Collection entries
----

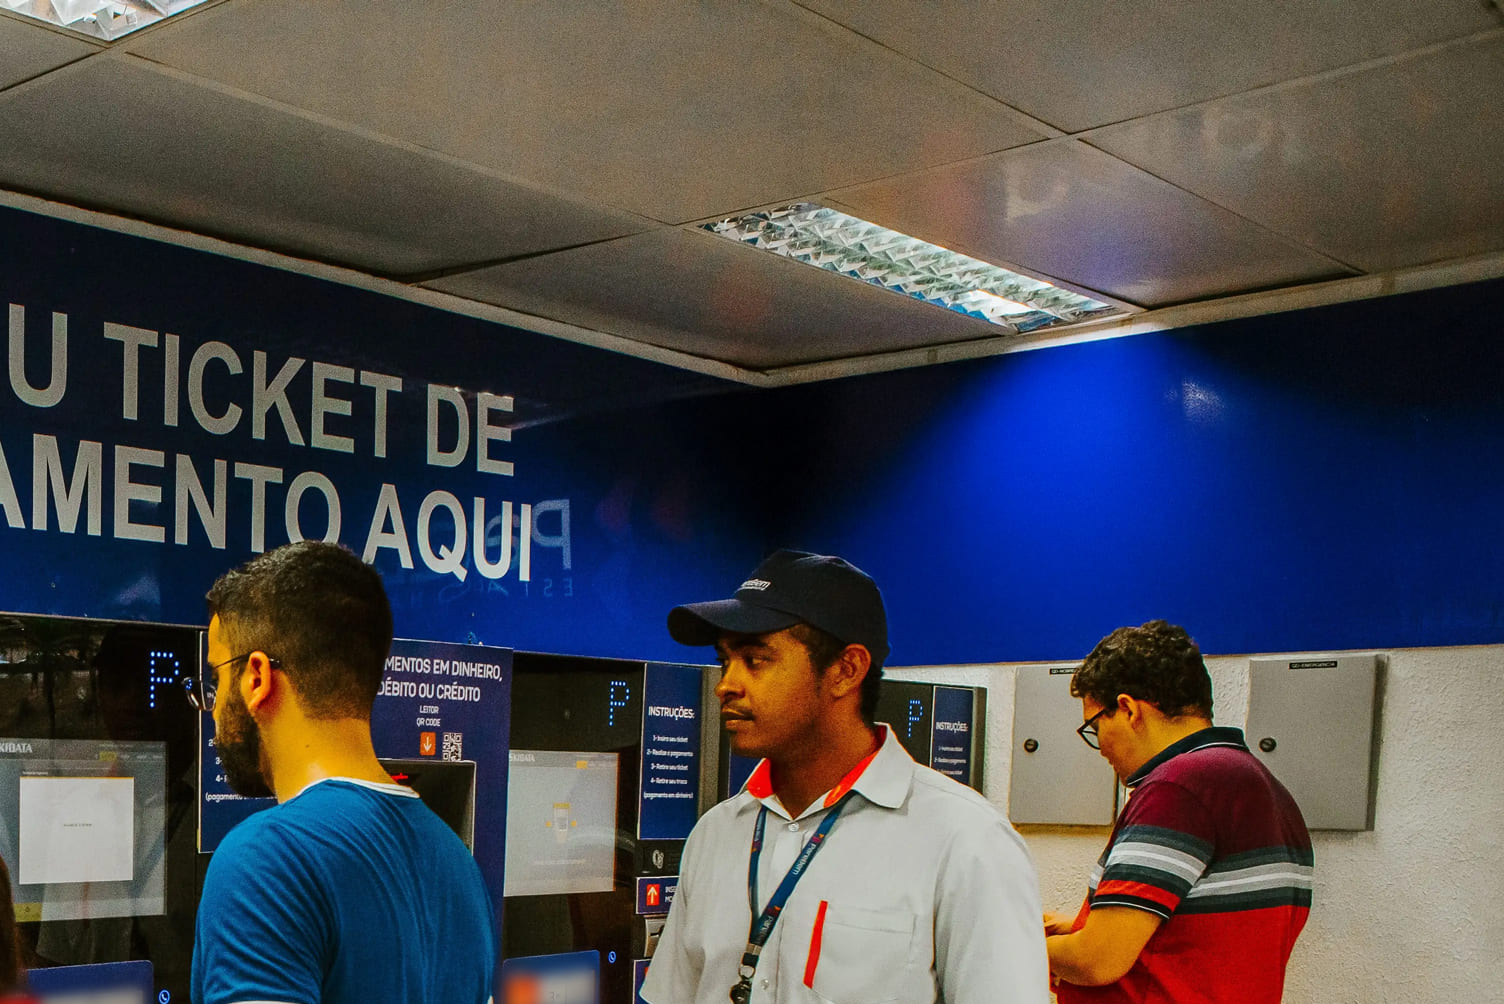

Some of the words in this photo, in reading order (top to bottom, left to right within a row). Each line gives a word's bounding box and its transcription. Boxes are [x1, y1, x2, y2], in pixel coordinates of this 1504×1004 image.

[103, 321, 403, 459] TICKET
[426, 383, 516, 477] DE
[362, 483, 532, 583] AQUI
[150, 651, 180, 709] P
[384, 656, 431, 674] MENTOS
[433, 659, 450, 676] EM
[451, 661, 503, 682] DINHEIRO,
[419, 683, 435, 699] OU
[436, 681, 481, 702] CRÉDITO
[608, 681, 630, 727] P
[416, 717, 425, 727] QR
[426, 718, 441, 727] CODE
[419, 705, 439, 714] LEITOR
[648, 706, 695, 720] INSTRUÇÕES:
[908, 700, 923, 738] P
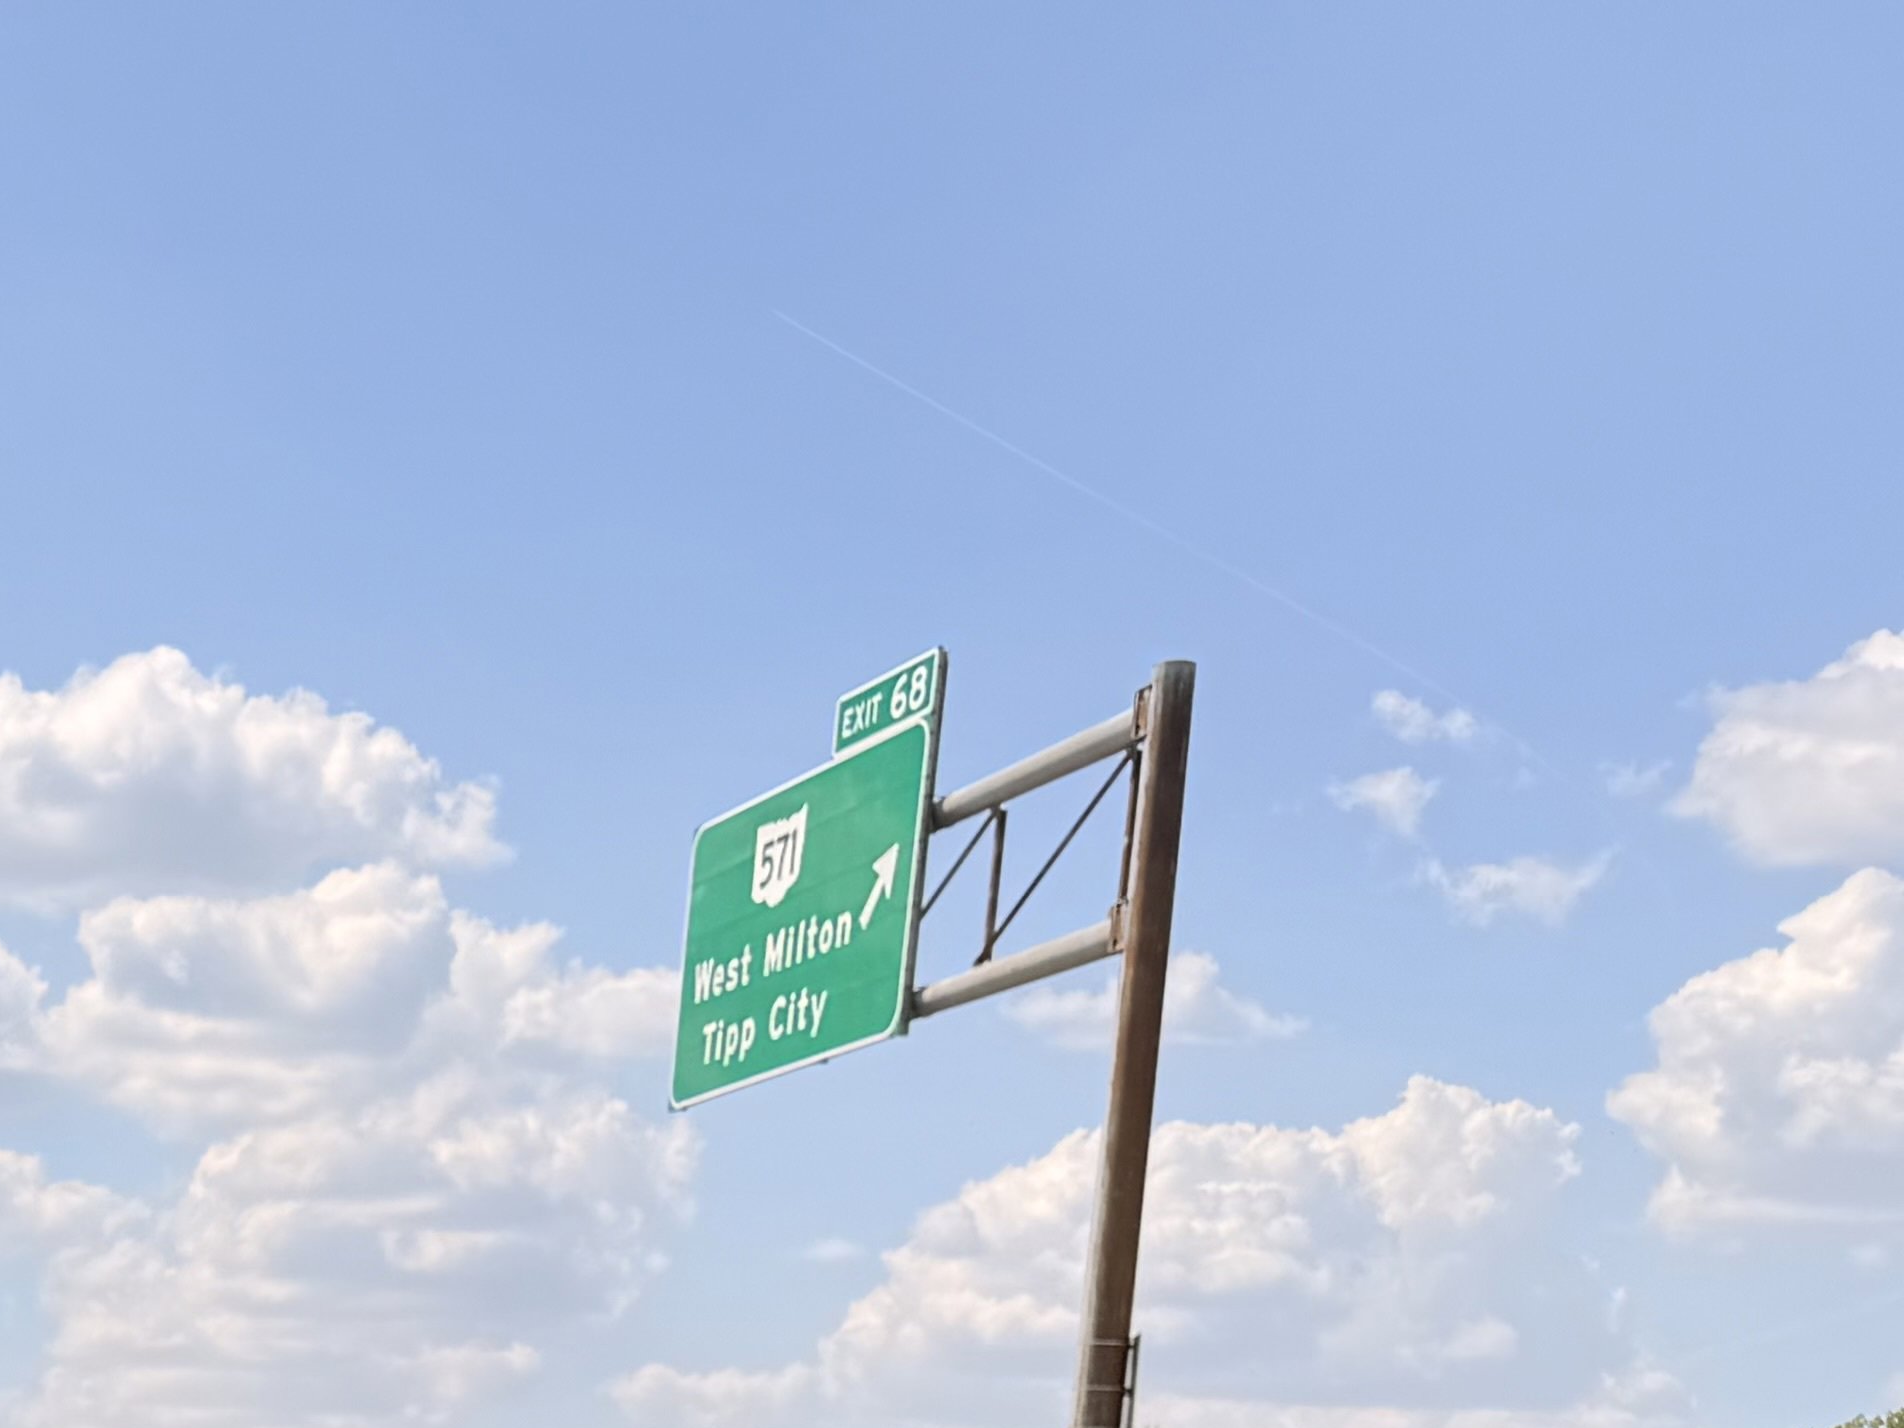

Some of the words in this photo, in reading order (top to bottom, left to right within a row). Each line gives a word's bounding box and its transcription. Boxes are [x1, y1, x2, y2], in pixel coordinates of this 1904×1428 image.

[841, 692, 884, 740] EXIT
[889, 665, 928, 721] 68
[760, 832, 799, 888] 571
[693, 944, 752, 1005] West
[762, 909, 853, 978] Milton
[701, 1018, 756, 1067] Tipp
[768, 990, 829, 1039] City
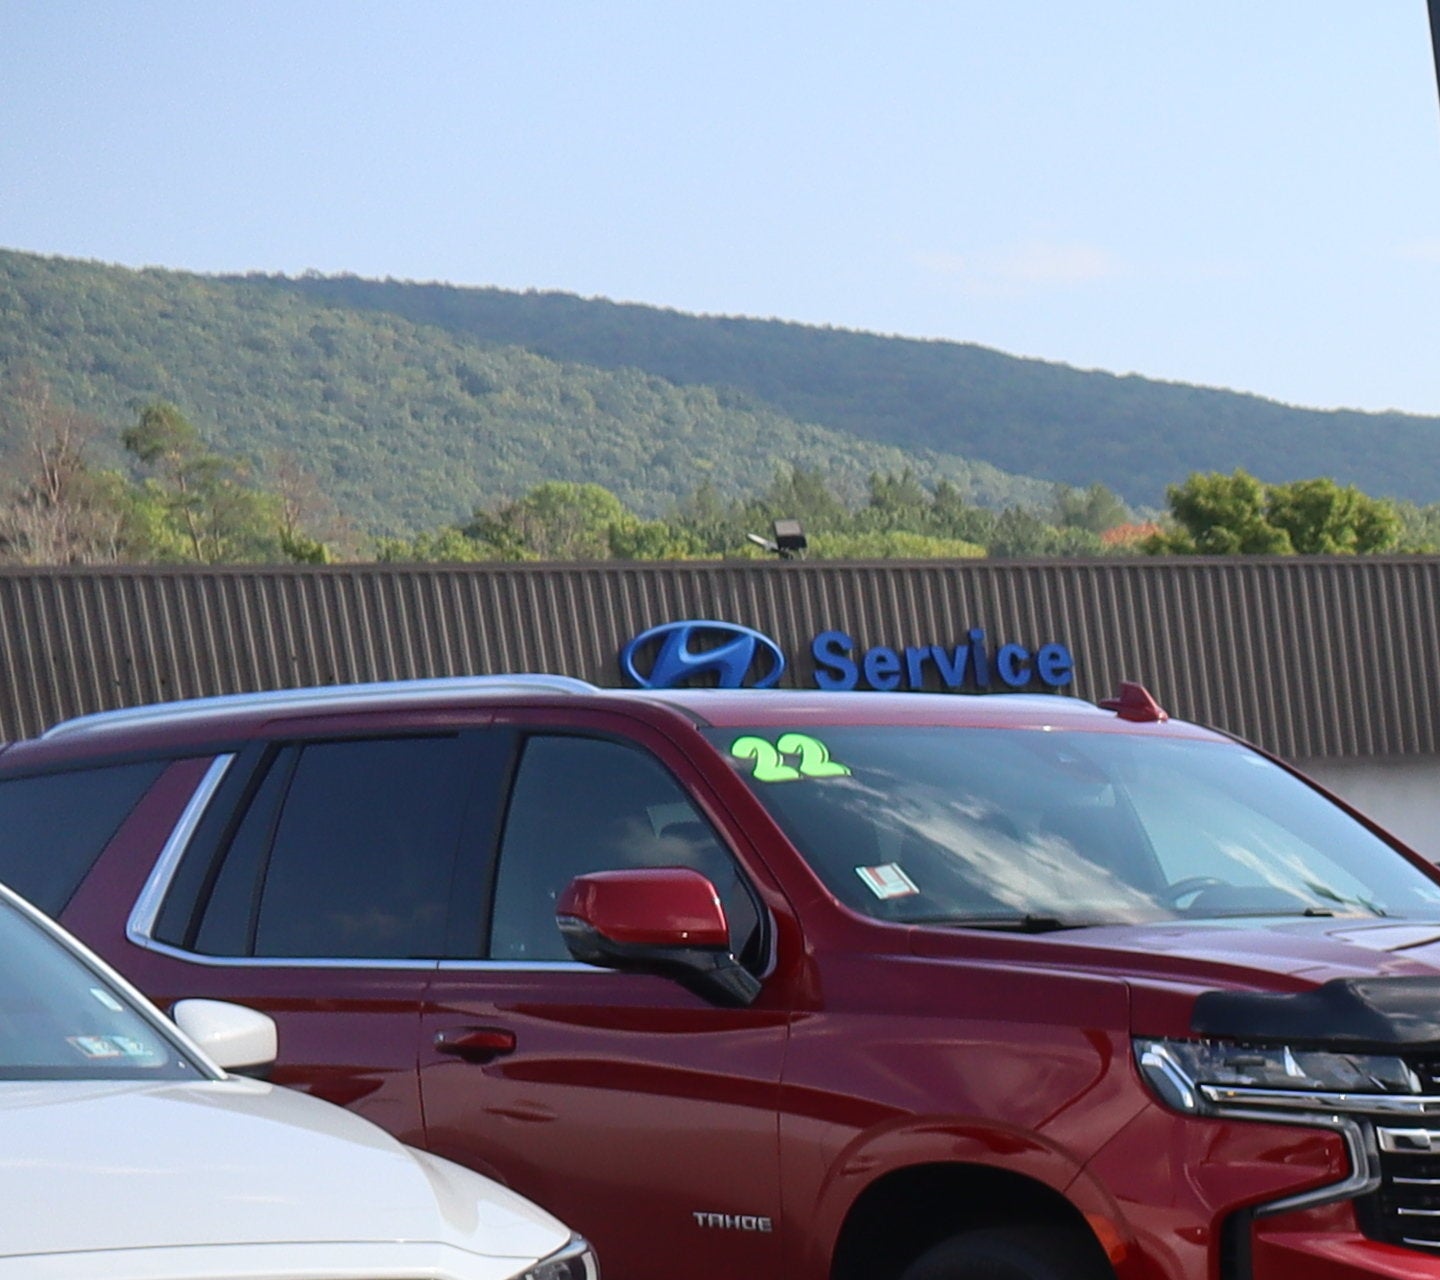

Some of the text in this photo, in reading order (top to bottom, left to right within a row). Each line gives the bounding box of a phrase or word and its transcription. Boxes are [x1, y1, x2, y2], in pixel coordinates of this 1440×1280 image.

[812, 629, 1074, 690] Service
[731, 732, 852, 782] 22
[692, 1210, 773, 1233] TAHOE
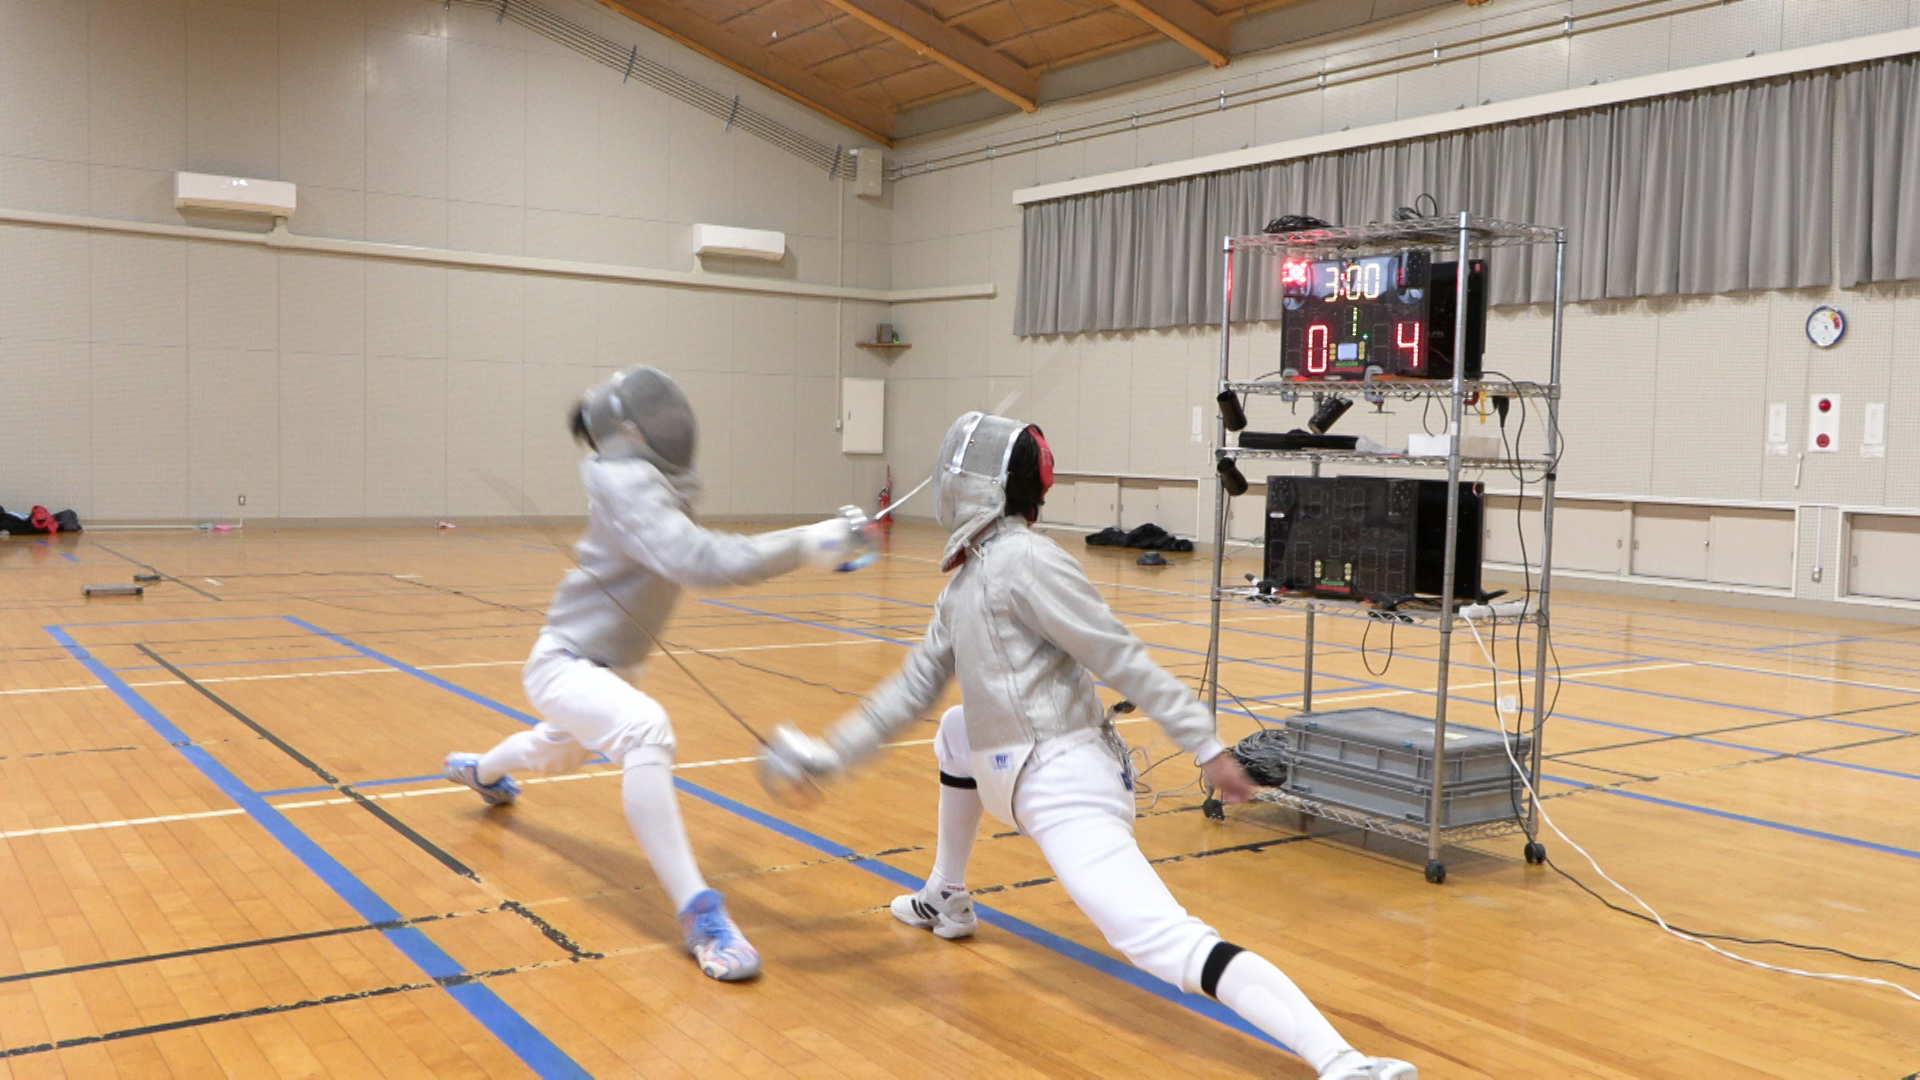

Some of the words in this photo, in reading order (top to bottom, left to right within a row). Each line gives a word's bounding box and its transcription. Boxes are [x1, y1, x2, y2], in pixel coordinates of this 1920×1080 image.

----

WHAT YOU NEED TO DO: Without the pictures, give the entries above back exactly.

RESPONSE TO THIS TASK:
Some of the words in this photo, in reading order (top to bottom, left to right within a row). Each line gives a word's bounding box and its transcription. Boxes are [x1, y1, x2, y2], in pixel coordinates of this 1504×1004 image.

[103, 321, 403, 459] TICKET
[426, 383, 516, 477] DE
[362, 483, 532, 583] AQUI
[150, 651, 180, 709] P
[384, 656, 431, 674] MENTOS
[433, 659, 450, 676] EM
[451, 661, 503, 682] DINHEIRO,
[419, 683, 435, 699] OU
[436, 681, 481, 702] CRÉDITO
[608, 681, 630, 727] P
[416, 717, 425, 727] QR
[426, 718, 441, 727] CODE
[419, 705, 439, 714] LEITOR
[648, 706, 695, 720] INSTRUÇÕES:
[908, 700, 923, 738] P

Some of the words in this photo, in reading order (top to bottom, left to right within a row). Each line gives a word's bounding box and its transcription. Boxes are [x1, y1, x2, y2], in pixel coordinates of this 1904×1428 image.

[841, 692, 884, 740] EXIT
[889, 665, 928, 721] 68
[760, 832, 799, 888] 571
[693, 944, 752, 1005] West
[762, 909, 853, 978] Milton
[701, 1018, 756, 1067] Tipp
[768, 990, 829, 1039] City

Some of the text in this photo, in reading order (top to bottom, left to right within a row). Each line gives the bounding box of a phrase or word and its transcription. Boxes are [x1, y1, x2, y2], in pixel coordinates of this 1440×1280 image.

[812, 629, 1074, 690] Service
[731, 732, 852, 782] 22
[692, 1210, 773, 1233] TAHOE

Some of the words in this photo, in reading order (top to bottom, left to right within a row). Each line gives a word's bounding box and its transcription. Boxes are [x1, y1, x2, y2], in pixel coordinates of this 1920×1080 image.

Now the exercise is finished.